**Source records:**
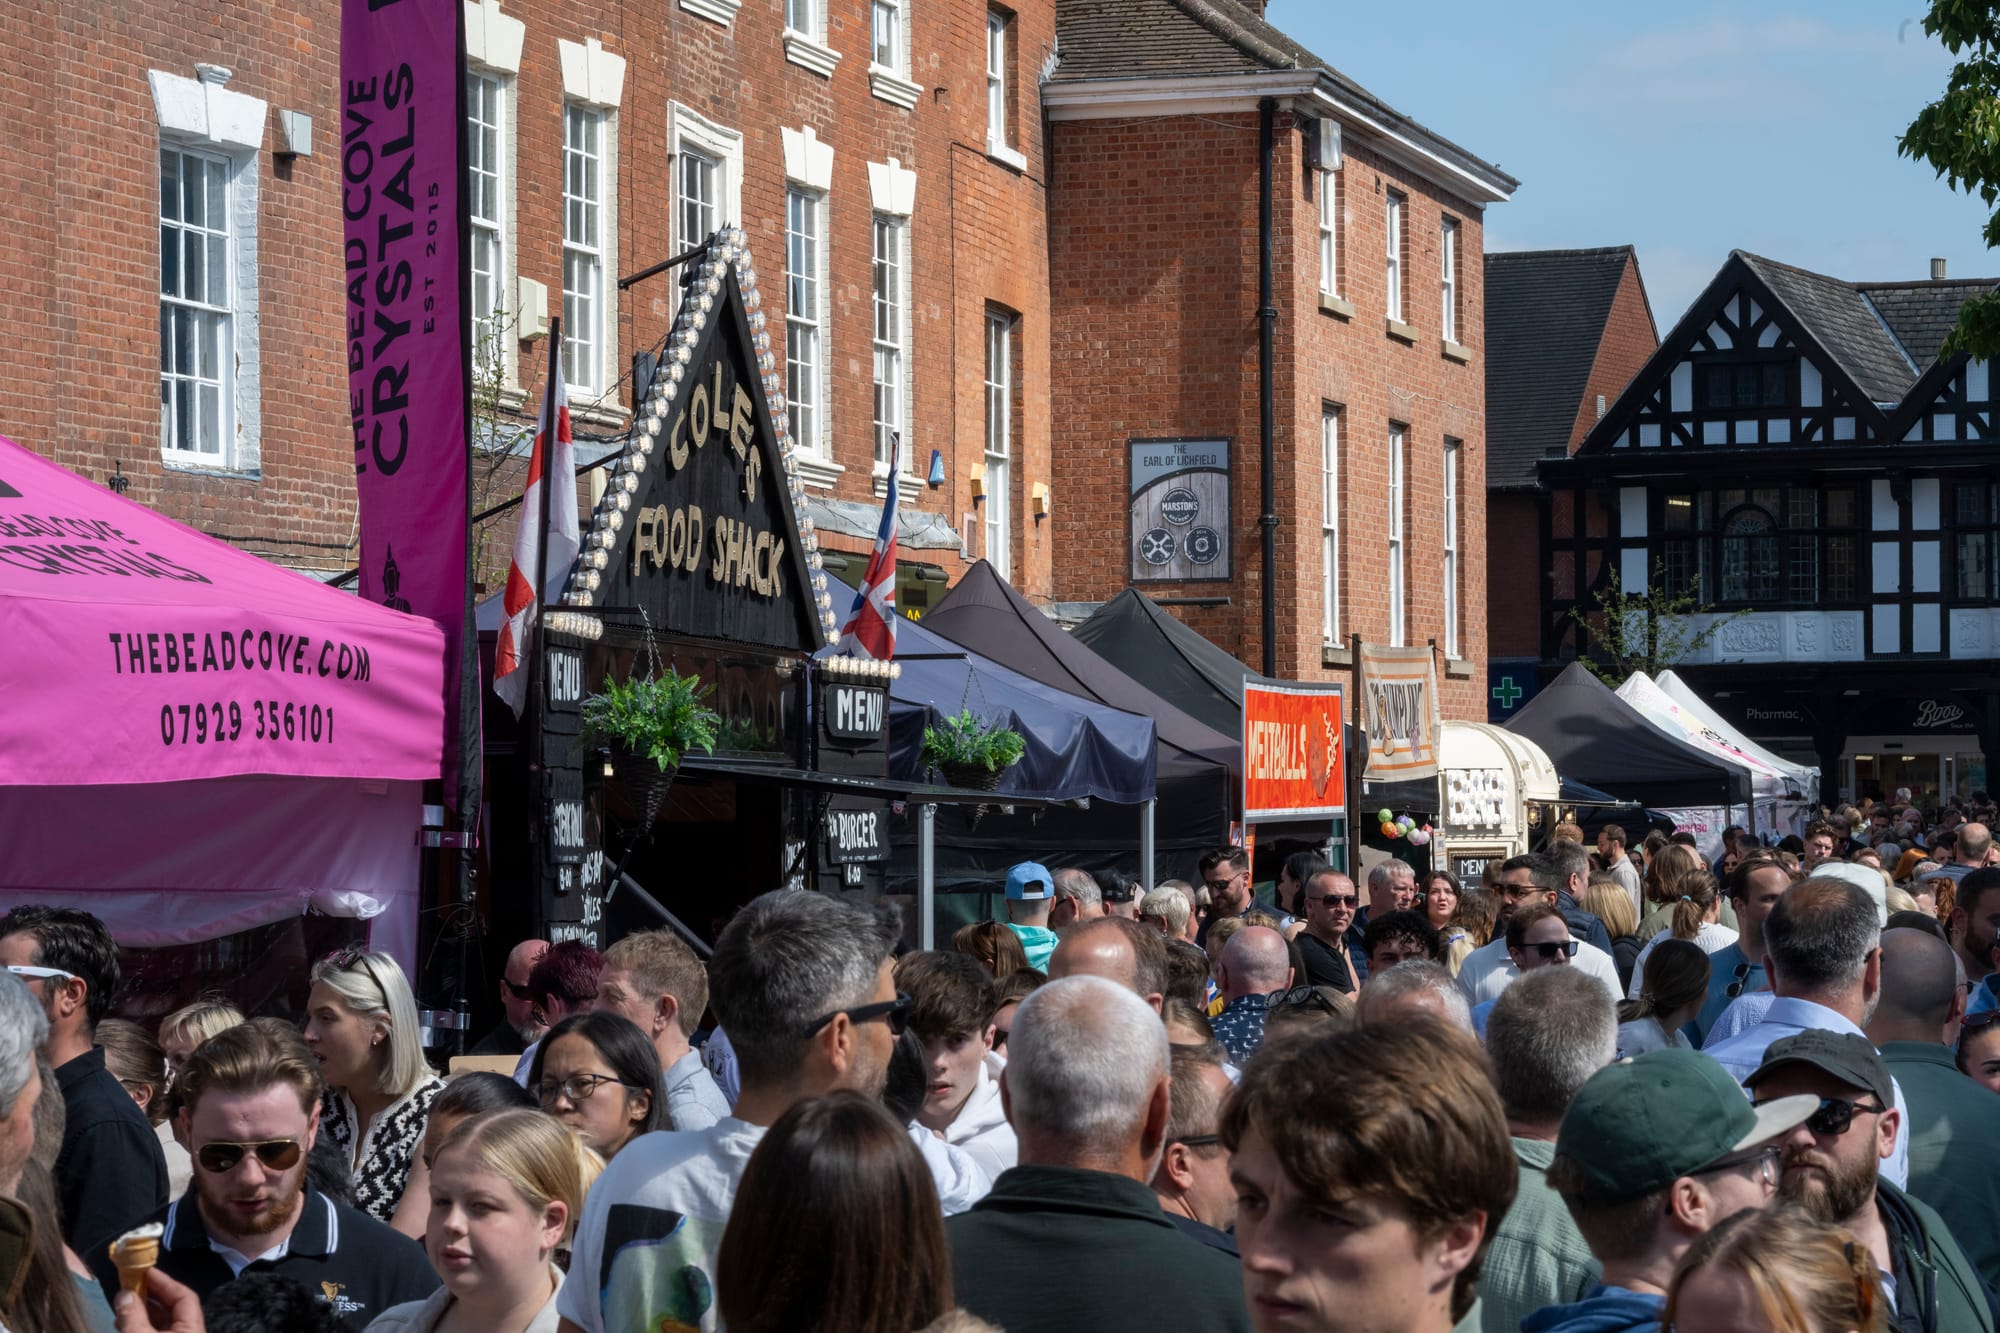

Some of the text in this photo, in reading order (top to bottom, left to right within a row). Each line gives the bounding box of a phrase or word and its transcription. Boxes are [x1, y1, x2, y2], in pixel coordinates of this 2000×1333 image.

[343, 76, 378, 222] COVE
[372, 62, 415, 476] CRYSTALS
[423, 182, 440, 335] EST 2015
[1143, 454, 1217, 467] EARL OF LICHFIELD
[1173, 444, 1187, 454] THE
[0, 544, 214, 585] CRYSTALS
[634, 503, 785, 599] FOOD SHACK
[108, 629, 371, 682] THEBEADCOVE.COM
[550, 652, 580, 701] MENU
[160, 700, 334, 746] 07929 356101
[837, 688, 883, 732] MENU
[1247, 720, 1307, 780] MEATBALLS
[838, 812, 878, 851] BURGER
[1460, 858, 1489, 876] MEN
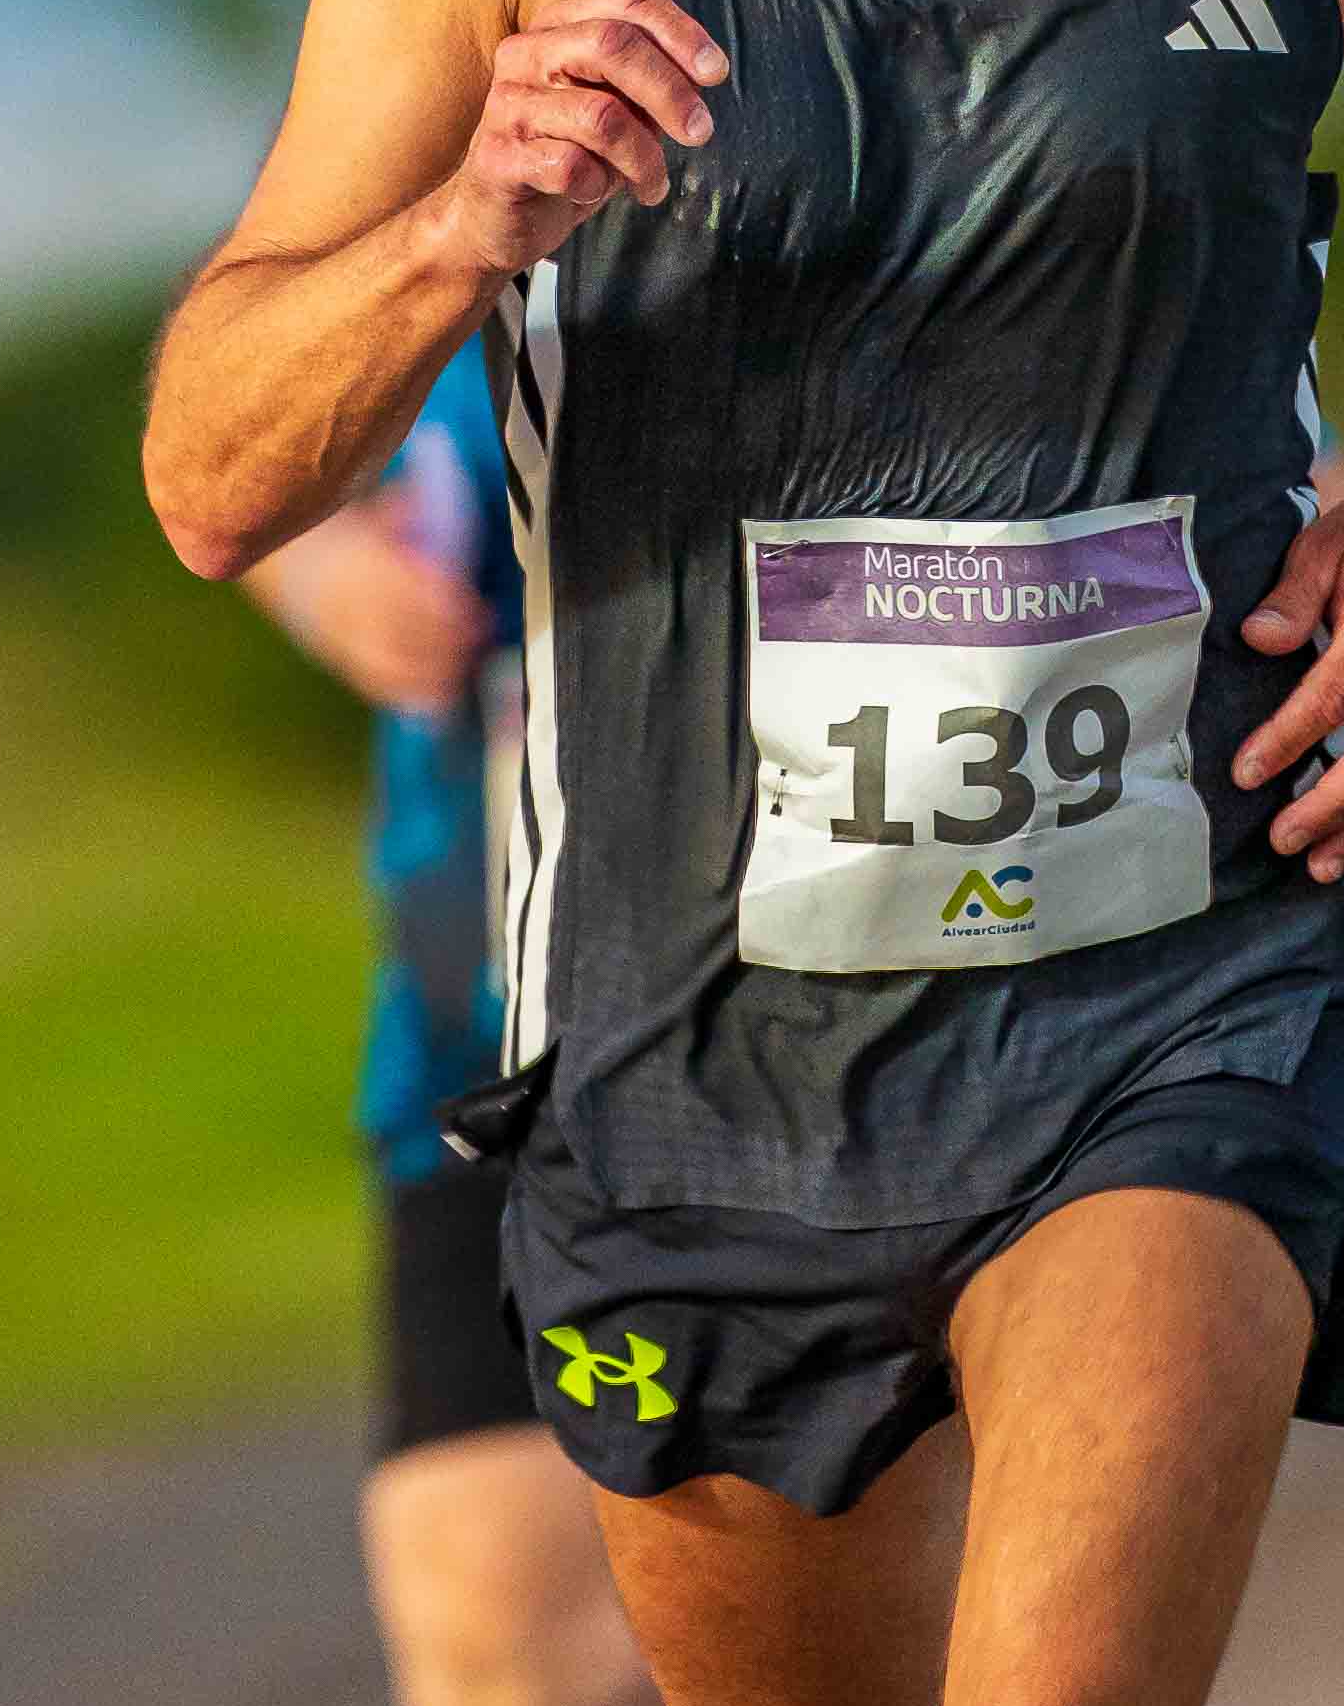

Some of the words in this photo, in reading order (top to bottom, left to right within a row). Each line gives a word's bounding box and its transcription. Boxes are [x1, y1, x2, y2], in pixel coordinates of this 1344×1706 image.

**Exercise goal:** Your answer must be the full listing, copied exactly, with no pictures in it.

**Task solution:**
Some of the text in this photo, in reading order (top to bottom, left to right within a row). Each line gives the bounding box of a phrase or word and its transcription. Boxes are [x1, y1, x2, y2], in pixel coordinates of this 2000×1333 image.

[343, 76, 378, 222] COVE
[372, 62, 415, 476] CRYSTALS
[423, 182, 440, 335] EST 2015
[1143, 454, 1217, 467] EARL OF LICHFIELD
[1173, 444, 1187, 454] THE
[0, 544, 214, 585] CRYSTALS
[634, 503, 785, 599] FOOD SHACK
[108, 629, 371, 682] THEBEADCOVE.COM
[550, 652, 580, 701] MENU
[160, 700, 334, 746] 07929 356101
[837, 688, 883, 732] MENU
[1247, 720, 1307, 780] MEATBALLS
[838, 812, 878, 851] BURGER
[1460, 858, 1489, 876] MEN

Some of the words in this photo, in reading order (top to bottom, left to right within a row). Each line gives a word's bounding box and its transcription. Boxes are [x1, y1, x2, y2], in pixel coordinates of this 1344×1706 image.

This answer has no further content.